Infosys drags markets; Sensex sheds 82 points
Markets erased early gains in the last half hour of trade as investors scrambled to book profits after last three days of consolidation.
Key benchmark stock indices were dragged down by sell-off in heavyweight IT stocks. IT major Infosys crashed 8.5 per cent to 3,357.50 on reports that the management expects sluggish growth in January-March quarter in the current financial year.
The 30-share Sensex shed 82 points or 0.4% to close at 21,775 levels and the 50-share Nifty was down 24 points or 0.4% at 6,493.10 levels.
“Whenever the bullish bias or euphoria in the market swings too far in one direction, index always reverts back to the mean. So in this case, Nifty could revert back to the earlier breakout point of 6330.
"Possibilities are that index could begin a process of distribution at higher levels, which means in the short-term upside appears to be restricted,” says Pritesh Mehta –Sr. Technical analyst, IIFL.

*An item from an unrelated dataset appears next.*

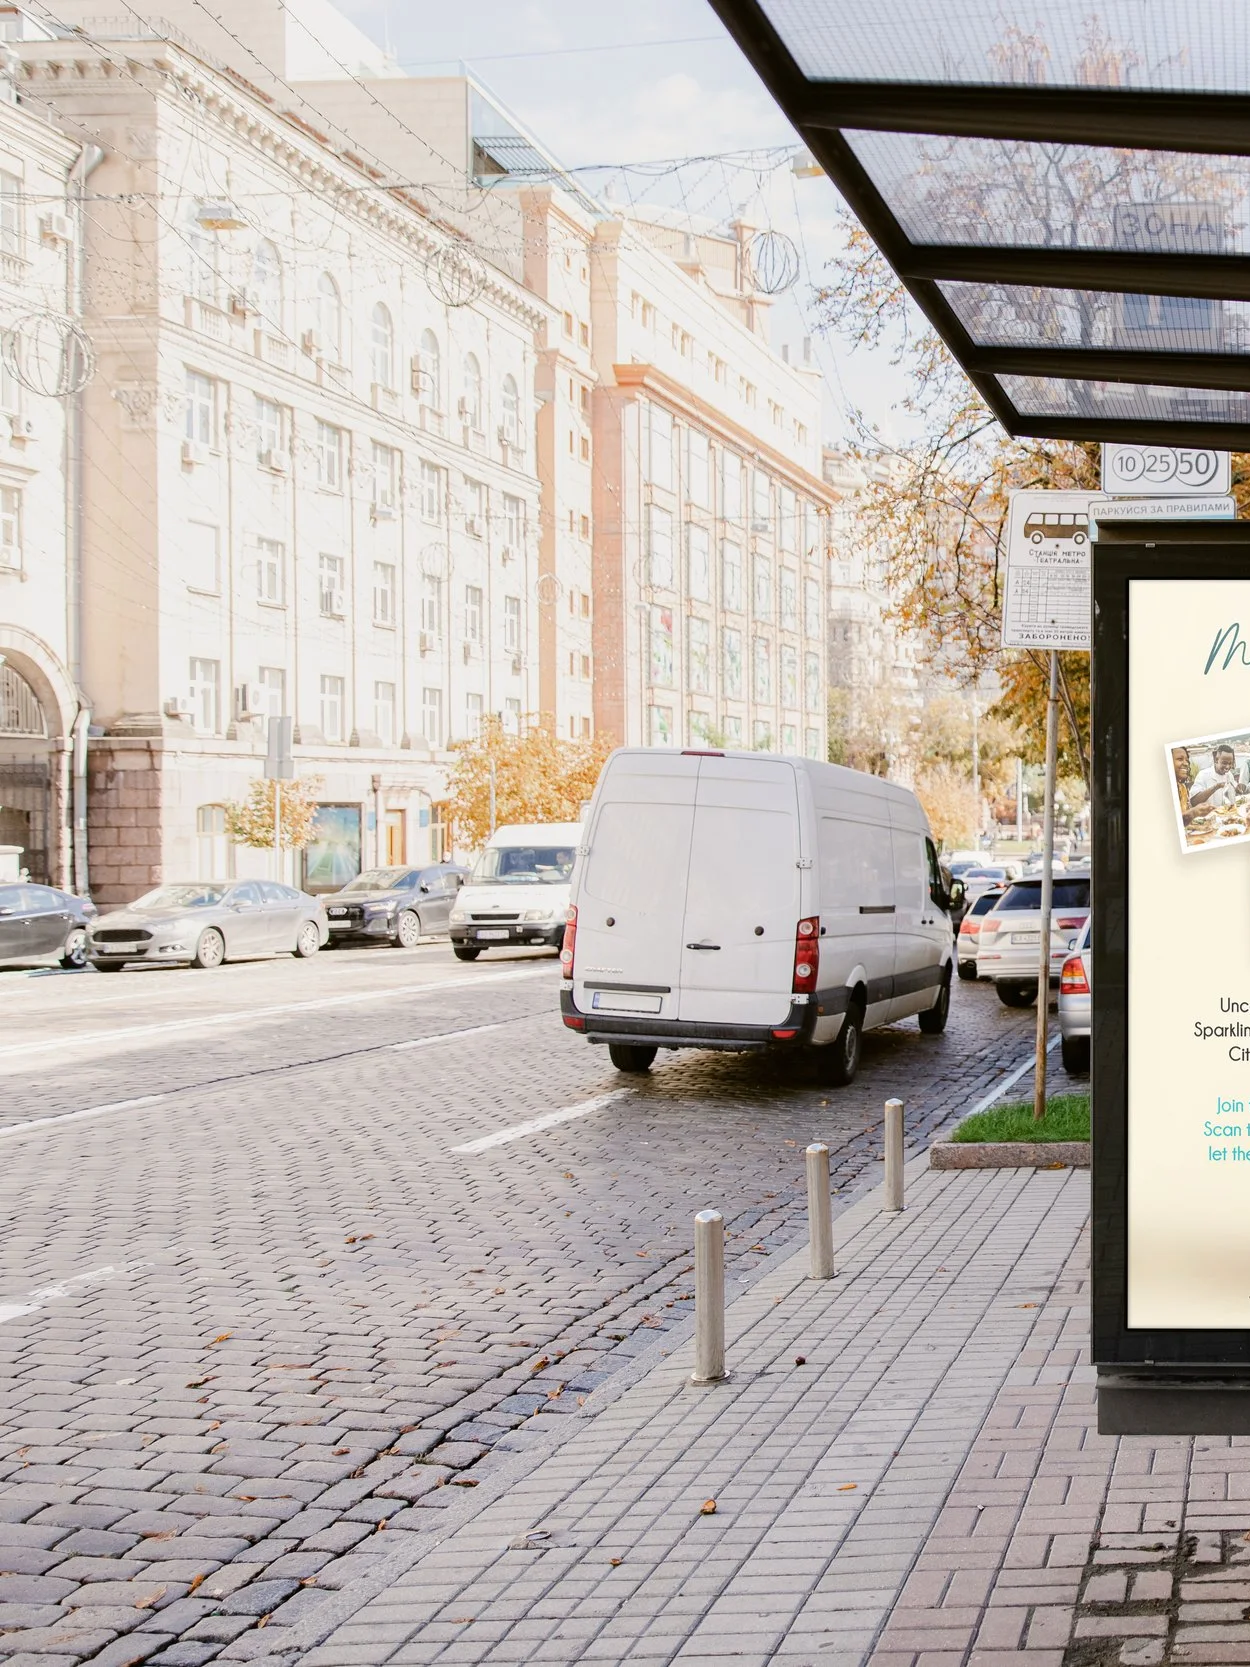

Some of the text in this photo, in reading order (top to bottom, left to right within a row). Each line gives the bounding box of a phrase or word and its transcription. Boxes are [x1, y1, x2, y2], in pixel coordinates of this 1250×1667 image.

According to traders, heavyweight banking and oil & gas stocks which balanced the drop in IT stocks saw profit booking in late trades while selling in IT stocks intensified.
Private lender HDFC Bank and oil & gas major Reliance Industries, which gained between 1-2%, emerged top heavyweight gainers. HDFC, ITC, ONGC and Coal India were the other top gainers.
The Indian rupee firmed up after retail inflation data for February, announced a day earlier post market-hours was better than expectations.
The partially convertible rupee was trading at 60.07-a-dollar compared to its previous close of 61.22.
The Consumer Price Index fell to a 25-month low in February and is likely to increase the clamour for the Reserve Bank of India to cut interest rates in its next monetary policy.
The combined (rural + urban) CPI inflation moderated further to 8.1% during February 2014 as compared to 8.8% in January 2014.
Around the globe
Asian markets finished mixed as of the most recent closing prices. The Shanghai Composite gained 1.07%, while the Hang Seng led the Nikkei 225 lower.
Nikkei extended losses after witnessing a dip on Wednesday as export-oriented stocks witnessed profit and metal shares edged lower over China concerns. The benchmark Nikkei ended down 0.1%.
China witnessed a marked slow-down in the economy in the first two months of 2014, as factory output, growth in investments and retail sales fall to multi-year lows.
China's industrial output grew 8.6% yoy in January and February, missing market expectations, while growth in retail sales was lacklustre too, the National Bureau of Statistics said.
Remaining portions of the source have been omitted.